▸ **Assigned task**
Pictures do not belong in the copy. Return all of the entries exactly.

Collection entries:
————————

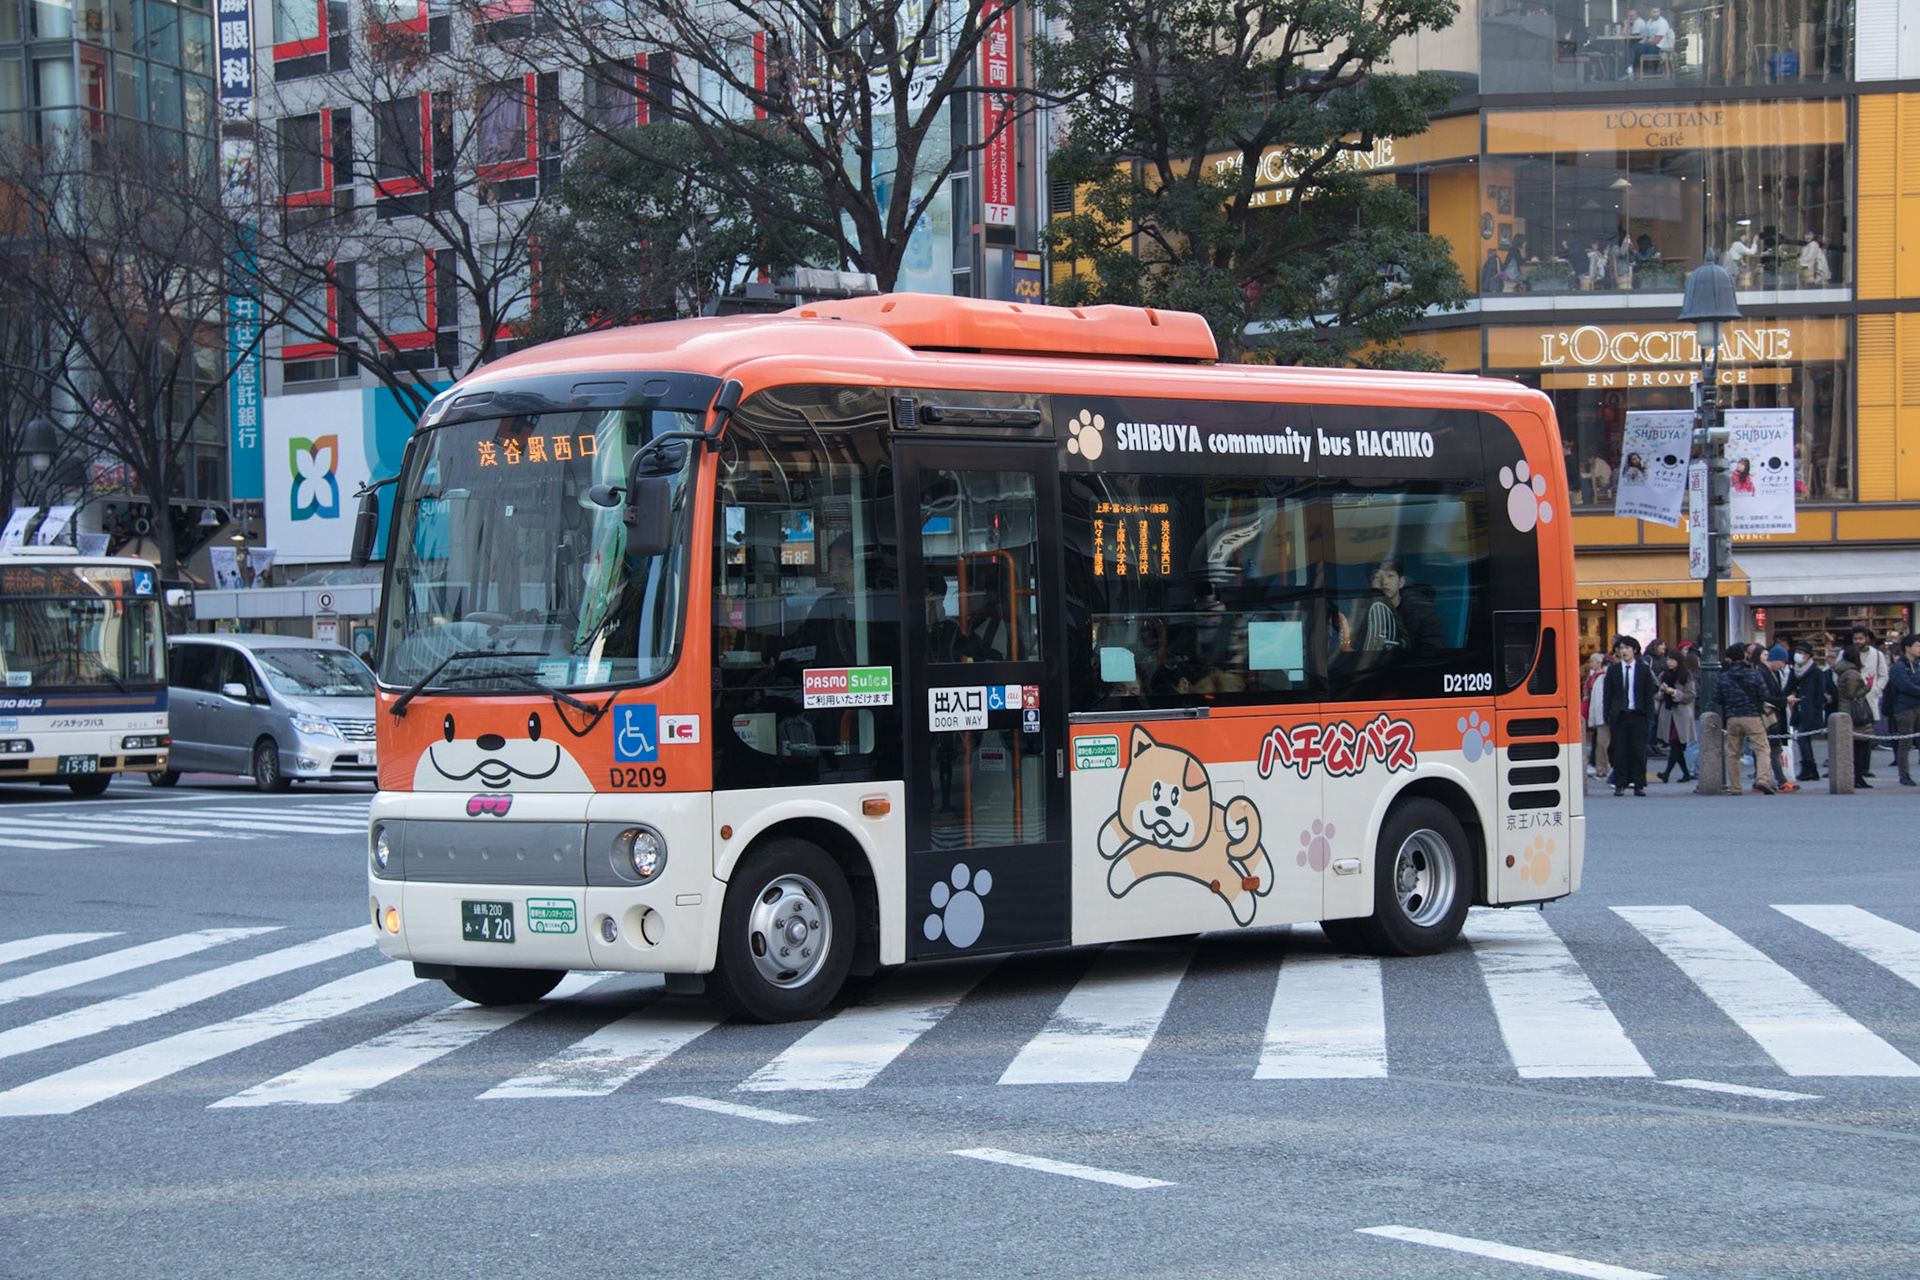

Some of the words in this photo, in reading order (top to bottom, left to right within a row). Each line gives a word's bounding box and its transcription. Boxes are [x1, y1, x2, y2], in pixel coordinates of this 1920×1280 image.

[226, 101, 249, 117] 5F
[1605, 110, 1725, 129] L'OCCITANE
[1645, 132, 1684, 147] Café
[990, 206, 1008, 222] 7F
[1015, 278, 1040, 297] パスタ
[1540, 325, 1792, 366] L'OCCITANE
[1587, 373, 1614, 386] EN
[1628, 371, 1747, 386] PROVECE
[1116, 422, 1203, 452] SHIBUYA
[1207, 426, 1311, 462] community
[1317, 428, 1351, 456] bus
[1355, 430, 1434, 458] HACHIKO
[1635, 429, 1681, 441] SHIBUYA
[1735, 429, 1782, 442] SHIBUYA
[478, 434, 597, 466] 渋谷駅西口
[1691, 472, 1702, 568] 道玄坂
[1600, 588, 1661, 598] L'OCCITANE
[806, 675, 847, 689] PASMO
[851, 674, 888, 687] Suica
[1443, 672, 1492, 693] D21209
[17, 699, 43, 708] BUS
[806, 693, 889, 706] ご利用いただけます
[934, 690, 982, 713] 出入口
[50, 719, 104, 728] ノンステップバス
[935, 717, 959, 728] DOOR
[965, 715, 982, 726] WAY
[1258, 712, 1417, 779] ハチ公バス
[609, 767, 667, 788] D209
[1506, 811, 1563, 831] 京王バス東
[473, 904, 488, 915] 練馬
[488, 904, 503, 916] 200
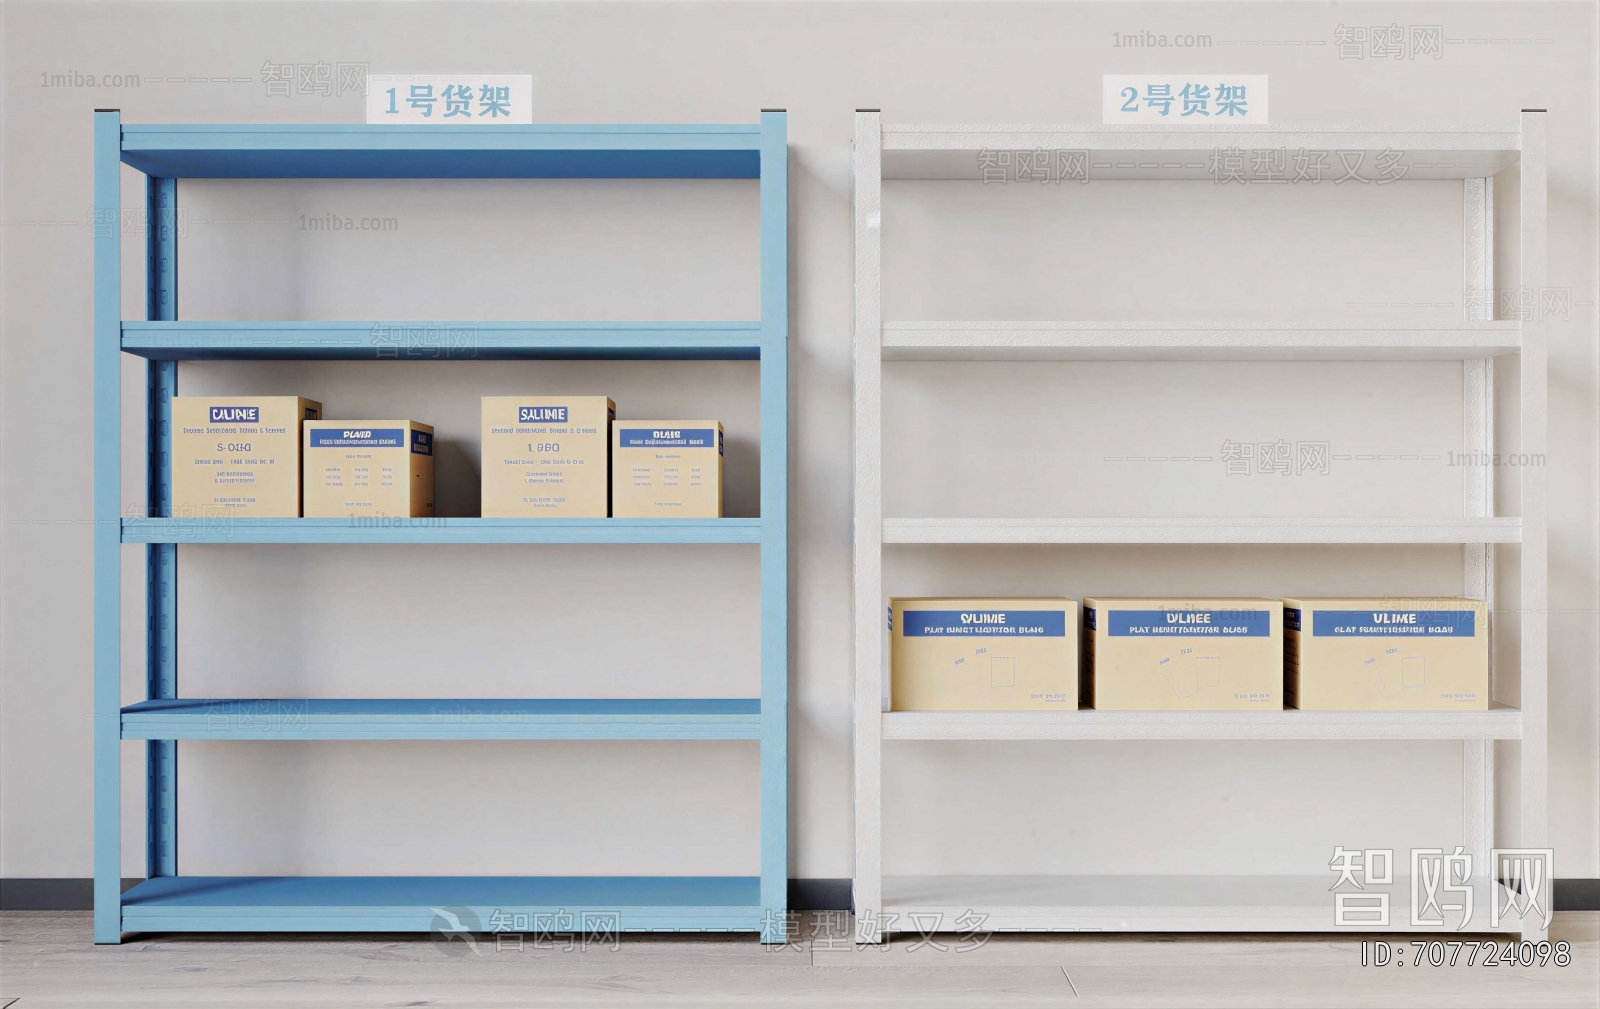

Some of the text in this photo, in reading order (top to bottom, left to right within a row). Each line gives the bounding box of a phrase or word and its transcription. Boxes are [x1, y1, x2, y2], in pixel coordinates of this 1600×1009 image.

[385, 84, 512, 118] 1号货架
[1120, 84, 1249, 118] 2号货架

————————

▸ **Answer box**
Some of the words in this photo, in reading order (top to bottom, left to right within a row). Each line gives a word's bounding box and its transcription. Boxes are [x1, y1, x2, y2], in pixel coordinates of this 1920×1280 image.

[226, 101, 249, 117] 5F
[1605, 110, 1725, 129] L'OCCITANE
[1645, 132, 1684, 147] Café
[990, 206, 1008, 222] 7F
[1015, 278, 1040, 297] パスタ
[1540, 325, 1792, 366] L'OCCITANE
[1587, 373, 1614, 386] EN
[1628, 371, 1747, 386] PROVECE
[1116, 422, 1203, 452] SHIBUYA
[1207, 426, 1311, 462] community
[1317, 428, 1351, 456] bus
[1355, 430, 1434, 458] HACHIKO
[1635, 429, 1681, 441] SHIBUYA
[1735, 429, 1782, 442] SHIBUYA
[478, 434, 597, 466] 渋谷駅西口
[1691, 472, 1702, 568] 道玄坂
[1600, 588, 1661, 598] L'OCCITANE
[806, 675, 847, 689] PASMO
[851, 674, 888, 687] Suica
[1443, 672, 1492, 693] D21209
[17, 699, 43, 708] BUS
[806, 693, 889, 706] ご利用いただけます
[934, 690, 982, 713] 出入口
[50, 719, 104, 728] ノンステップバス
[935, 717, 959, 728] DOOR
[965, 715, 982, 726] WAY
[1258, 712, 1417, 779] ハチ公バス
[609, 767, 667, 788] D209
[1506, 811, 1563, 831] 京王バス東
[473, 904, 488, 915] 練馬
[488, 904, 503, 916] 200

Some of the text in this photo, in reading order (top to bottom, left to right within a row). Each line gives the bounding box of a phrase or word and its transcription. Boxes are [x1, y1, x2, y2], in pixel coordinates of this 1600×1009 image.

[385, 84, 512, 118] 1号货架
[1120, 84, 1249, 118] 2号货架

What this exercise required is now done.